Isabella nodded. She sensed there was a world more pain behind his tortured eyes and strained words.

She smoothed his brow with one hand, trying to ease whatever pain he was feeling—whatever pain he was remembering—and after a while, he sighed. ‘She was the daughter of an international banker. She was kidnapped and held for ransom. The police bungled the recovery. She was killed when they stormed the building where they discovered they were keeping her.’

He sighed. ‘The autopsy discovered she was pregnant.’ He looked at her then, his eyes tortured, his brow twisted. ‘She hadn’t had a chance to tell me.’

‘Oh my god, I’m so sorry.’ She raised herself up on one elbow and looked down at him, her fingernails tracing through his chest hair, and there, in the depths of his dark eyes, she witnessed the extent of his loss. ‘And that’s why you do what you do?’

He pinched the bridge of his nose. ‘That’s when it started, but I think the seeds were planted years before when my younger sister drowned. We were at the beach together, caught in the same rip and though I tried, I couldn’t reach her. I couldn’t save her. I hated that I couldn’t save her.

‘And then, when Sophia was killed, I made a solemn vow to do my utmost to prevent anyone else suffering the same fate.’

‘You can’t be blamed for failing your sister.’

‘I know.’ He took one of her hands in his, and kissed the back of it. ‘But it made me realise what loss felt like. Coupled with the loss of Sophia, it made me want to save others from that pain.’

‘I get that,’ she said.

He shook his head. ‘Sophia was amazing. I was the boy from the country. I never knew what she saw in me.’

Isabella was in no doubt. ‘I know what she saw,’ she said. ‘Sophia saw a man of honour. A strong man. A protector. A man who would fight for what was right. She saw that in you, I know. Because that’s what I see in you. That’s who you are.

‘And that’s who I know you to be. Because you saved me,’ she said, ‘from a life of bondage and enslavement in a marriage I never wanted nor could be happy in. I can never thank you enough.’

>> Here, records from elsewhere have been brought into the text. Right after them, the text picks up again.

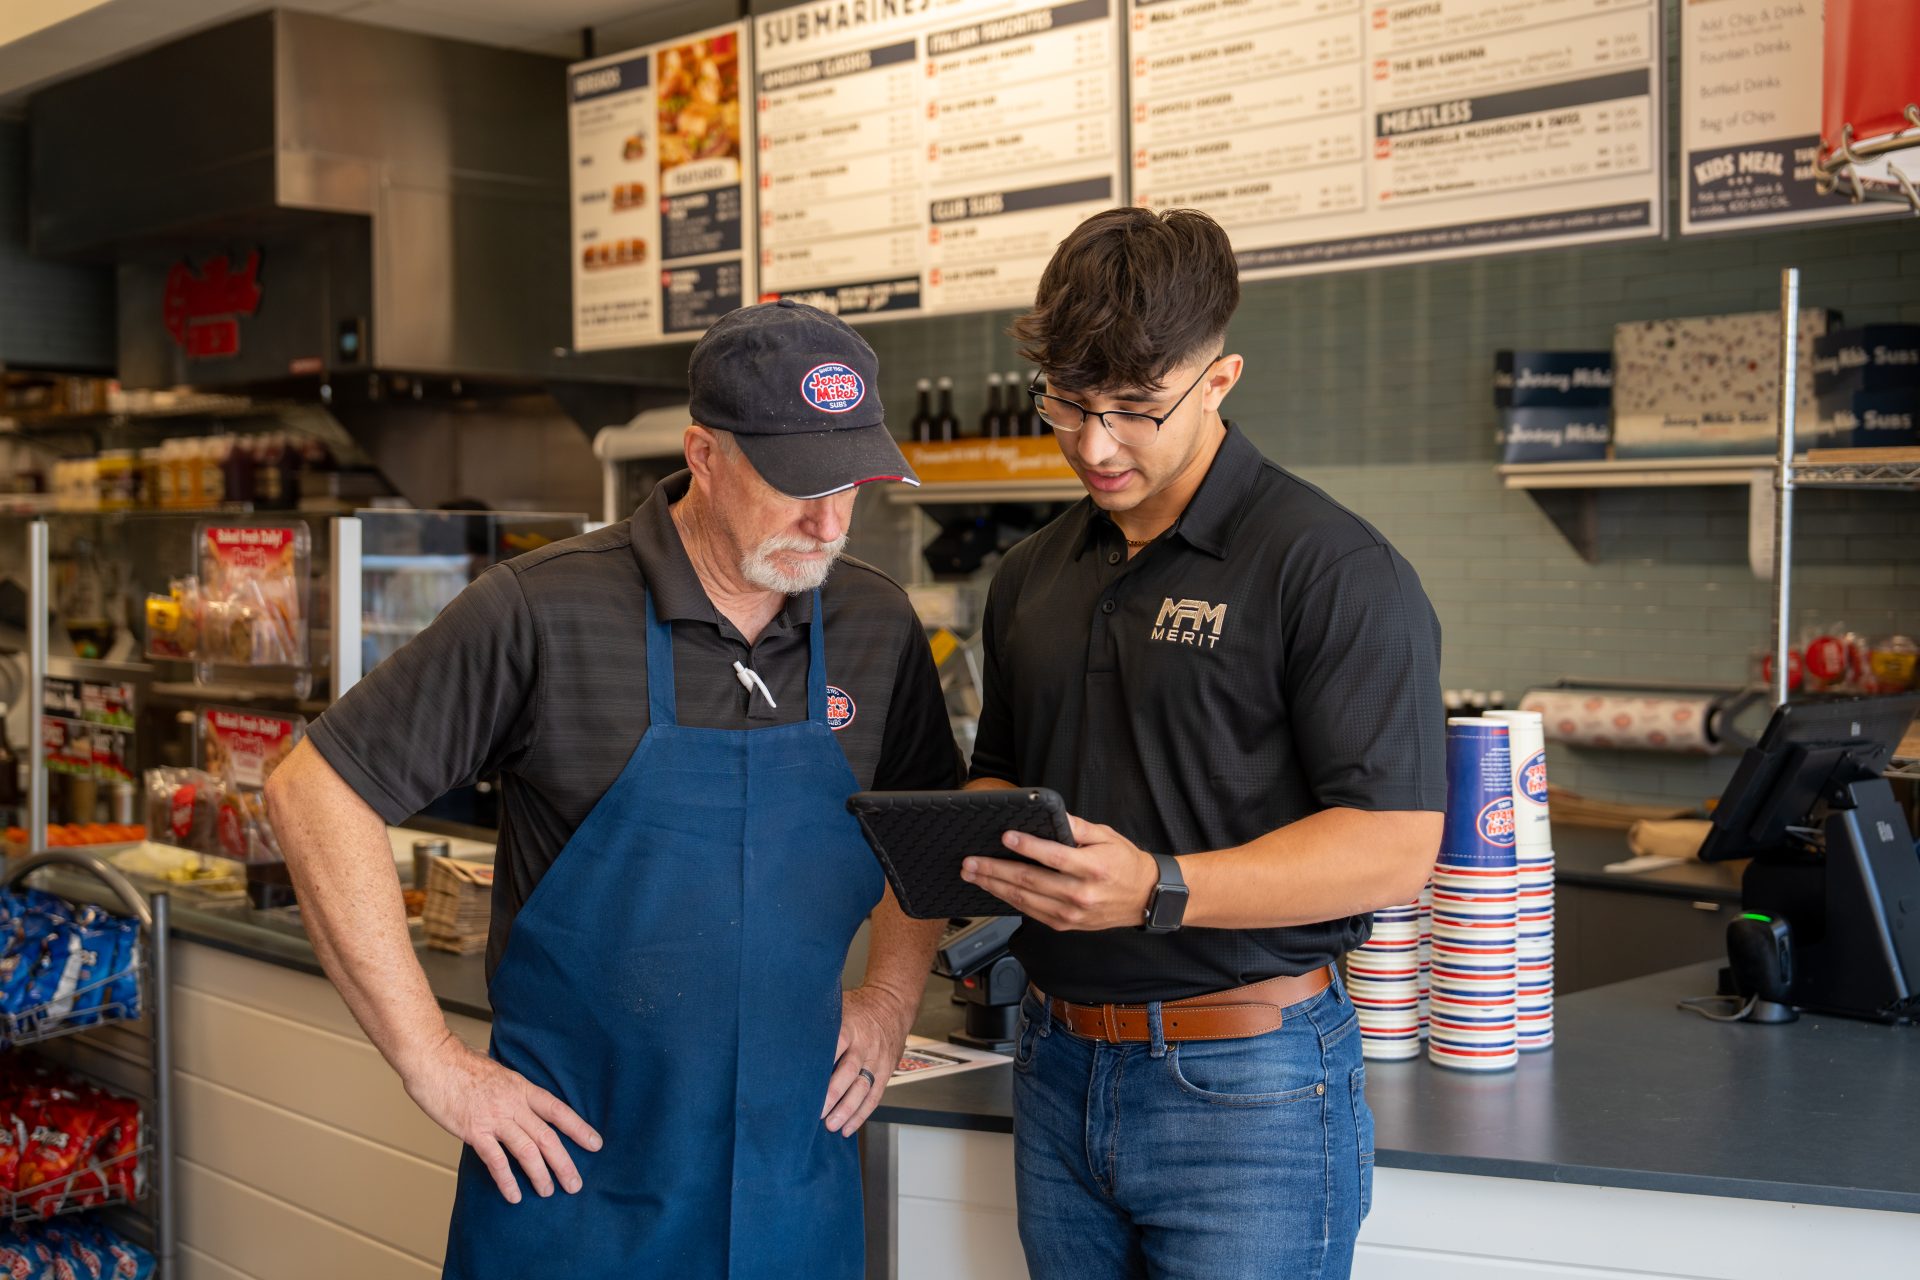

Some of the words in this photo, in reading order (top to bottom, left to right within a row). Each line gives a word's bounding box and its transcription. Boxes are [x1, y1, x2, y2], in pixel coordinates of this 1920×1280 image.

[1382, 100, 1472, 134] MEATLESS
[1694, 154, 1735, 186] KIDS
[1738, 151, 1784, 176] MEAL
[809, 372, 858, 388] Jersey
[815, 384, 858, 403] Mike's
[829, 400, 848, 409] SUBS
[1863, 410, 1912, 431] SUBS
[1506, 422, 1563, 448] Jersey
[1151, 627, 1220, 648] MERIT
[827, 705, 850, 719] ike's

‘No.’ He raised himself up to push her down on her back. ‘It is I who needs to thank you,’ he said. ‘I was stuck in a life of endless guilt for failing to save my sister and my wife and trying to make up for it every day since. I was stuck in a life chasing my tail and never catching it. And for forgetting about the simple things in life. Like what it felt like to have fun. You reminded me what fun was. You reminded me what it felt like to laugh. You reminded me what it felt like to love.’

He pressed his lips to hers. ‘You saved me,’ he said, before he kissed her thoroughly again. ‘And I love you forever for it.’

Isabella was breathless by the time they paused for air. But there was one question she still needed to ask. ‘By the way,’ she said, ‘you never answered me.’